*Your task*. A precise copy of the data is required, with every picture left out.

######

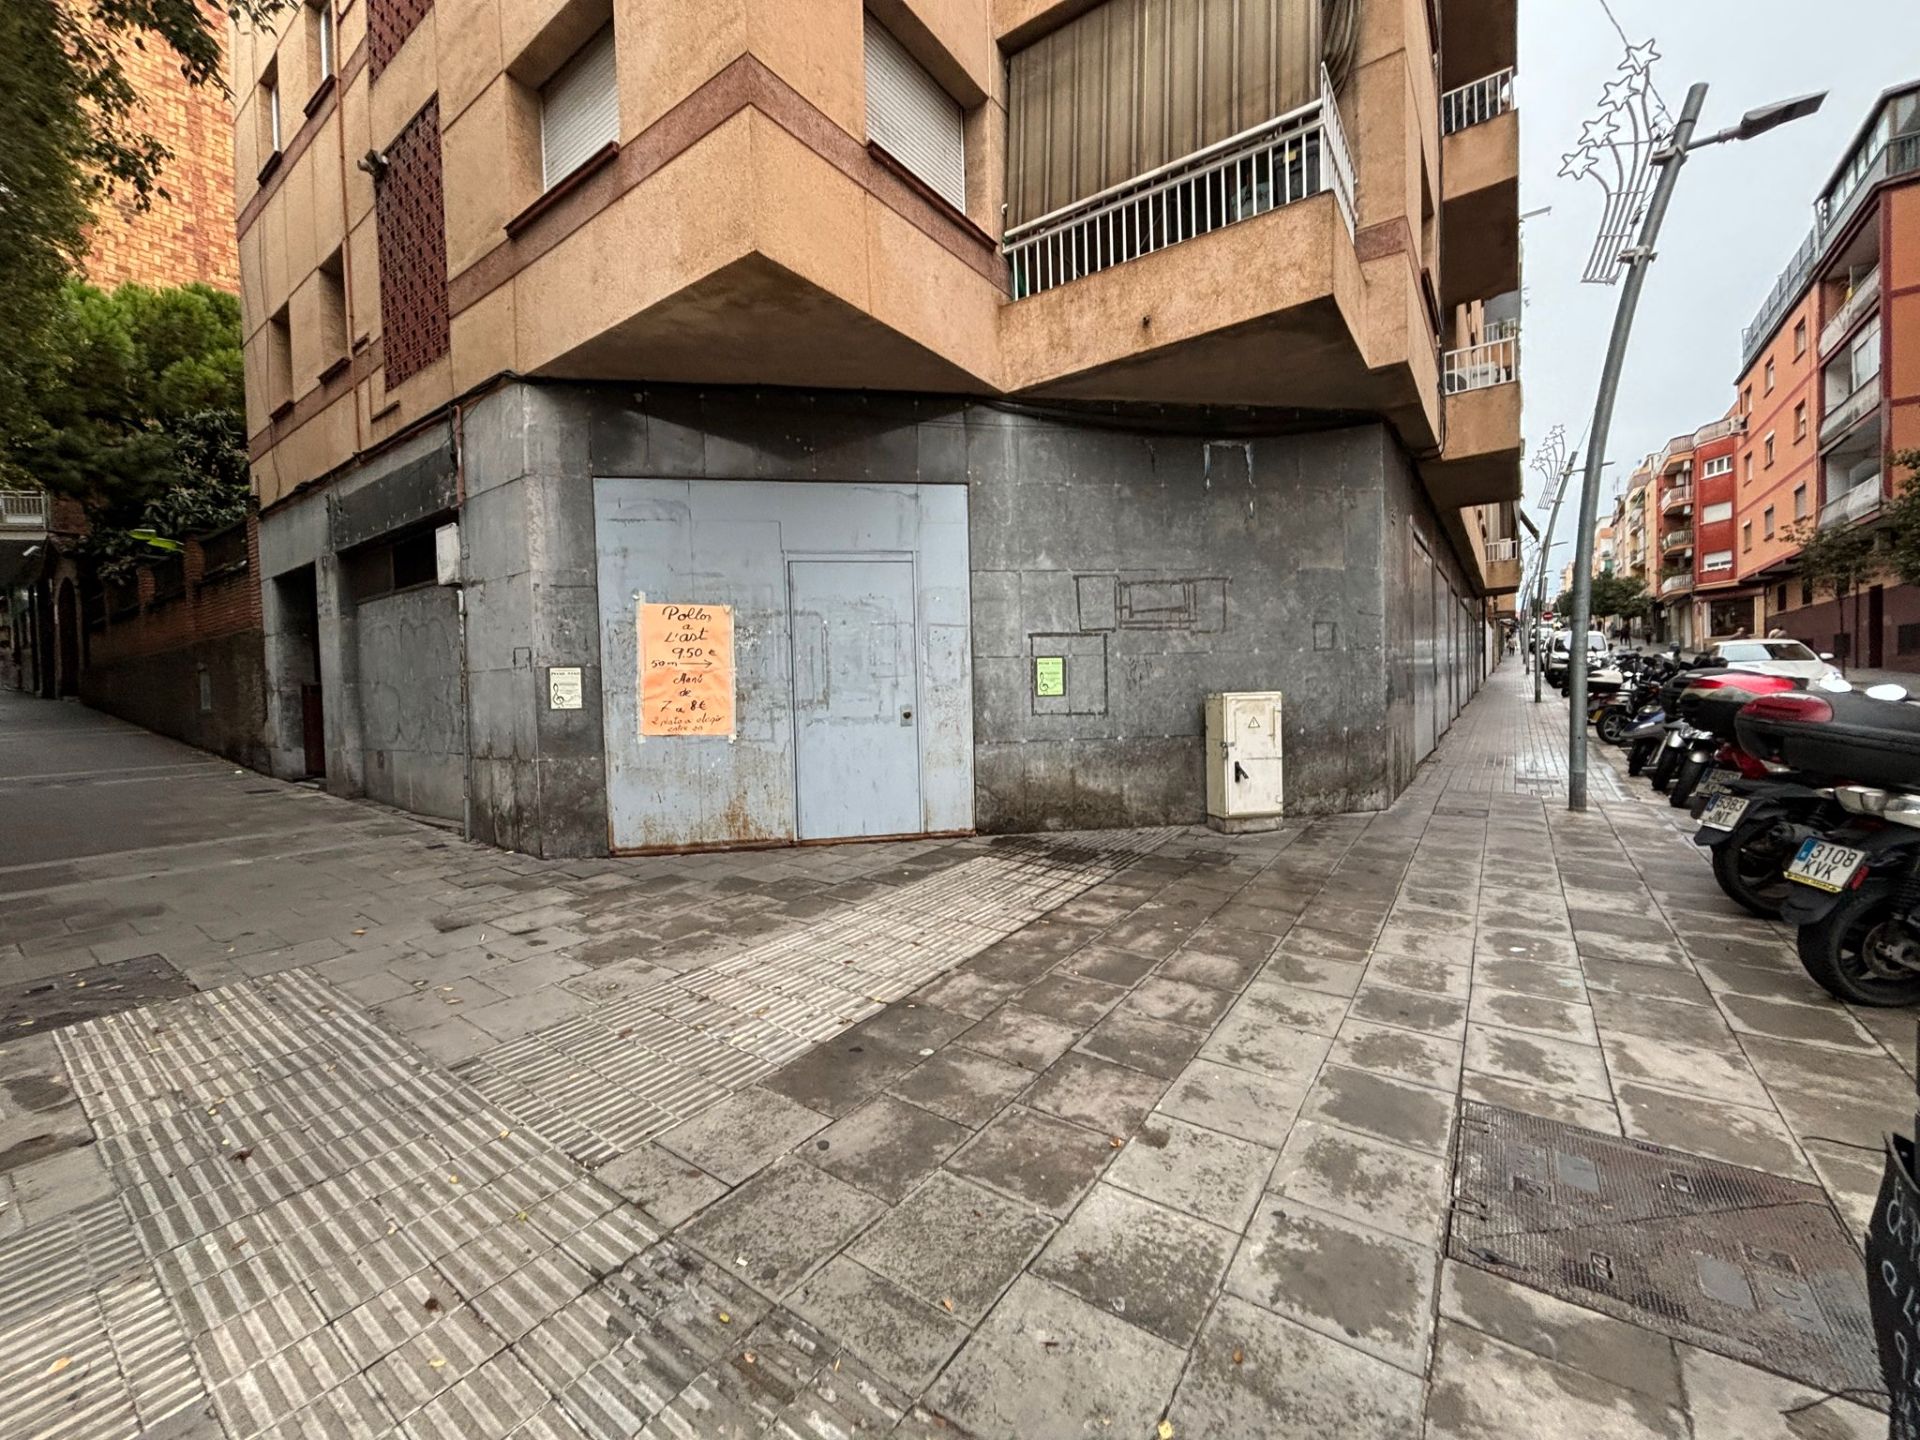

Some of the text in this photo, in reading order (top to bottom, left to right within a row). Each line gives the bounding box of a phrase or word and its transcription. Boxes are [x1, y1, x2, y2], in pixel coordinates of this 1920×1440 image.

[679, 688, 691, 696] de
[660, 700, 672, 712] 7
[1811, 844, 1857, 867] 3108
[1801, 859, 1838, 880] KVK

######

*Answer to the exercise*.
Some of the text in this photo, in reading order (top to bottom, left to right within a row). Each line gives the bounding box of a phrase or word and its transcription. Boxes are [x1, y1, x2, y2], in pixel coordinates of this 1920×1440 image.

[679, 688, 691, 696] de
[660, 700, 672, 712] 7
[1811, 844, 1857, 867] 3108
[1801, 859, 1838, 880] KVK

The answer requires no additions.